§ TASK OBJECTIVE
Copy the entries that appear below in full, leaving out any picture among them.

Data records
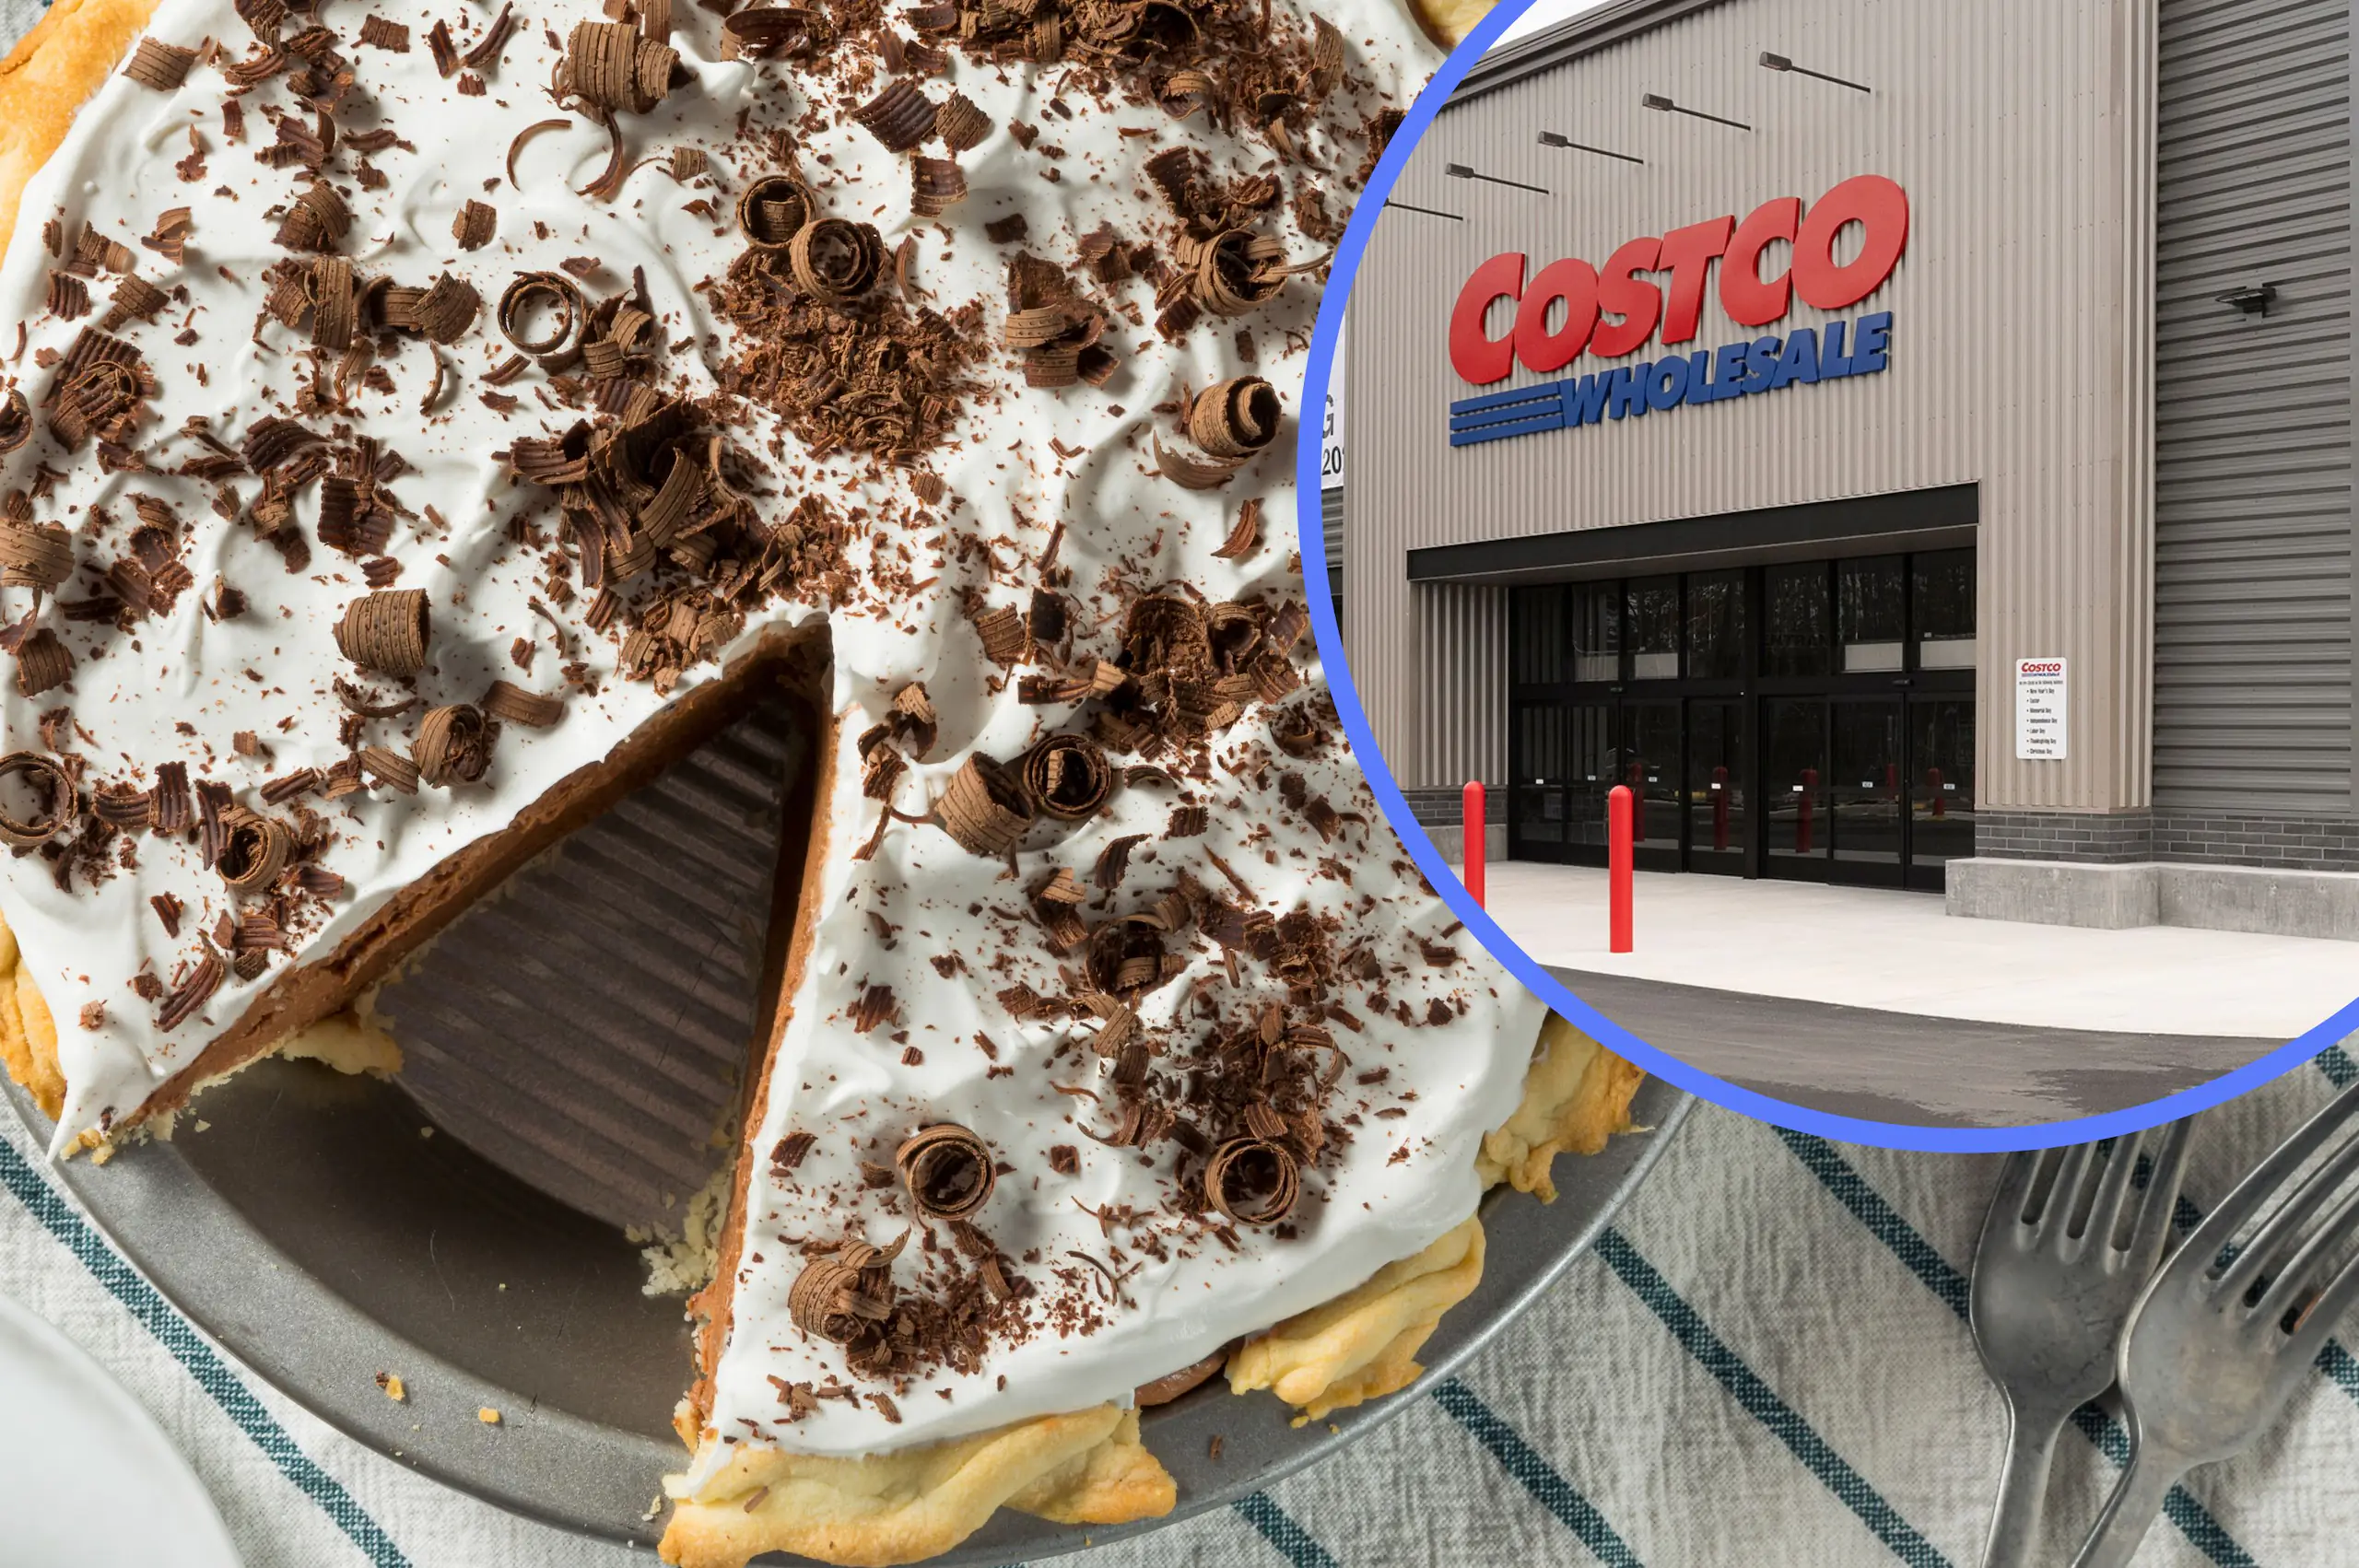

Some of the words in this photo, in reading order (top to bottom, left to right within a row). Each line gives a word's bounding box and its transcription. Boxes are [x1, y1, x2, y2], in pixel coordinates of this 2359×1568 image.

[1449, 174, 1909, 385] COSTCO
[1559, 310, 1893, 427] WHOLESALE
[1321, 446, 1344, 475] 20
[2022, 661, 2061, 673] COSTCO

§ YOUR RESPONSE
Some of the words in this photo, in reading order (top to bottom, left to right within a row). Each line gives a word's bounding box and its transcription. Boxes are [x1, y1, x2, y2], in pixel coordinates of this 2359×1568 image.

[1449, 174, 1909, 385] COSTCO
[1559, 310, 1893, 427] WHOLESALE
[1321, 446, 1344, 475] 20
[2022, 661, 2061, 673] COSTCO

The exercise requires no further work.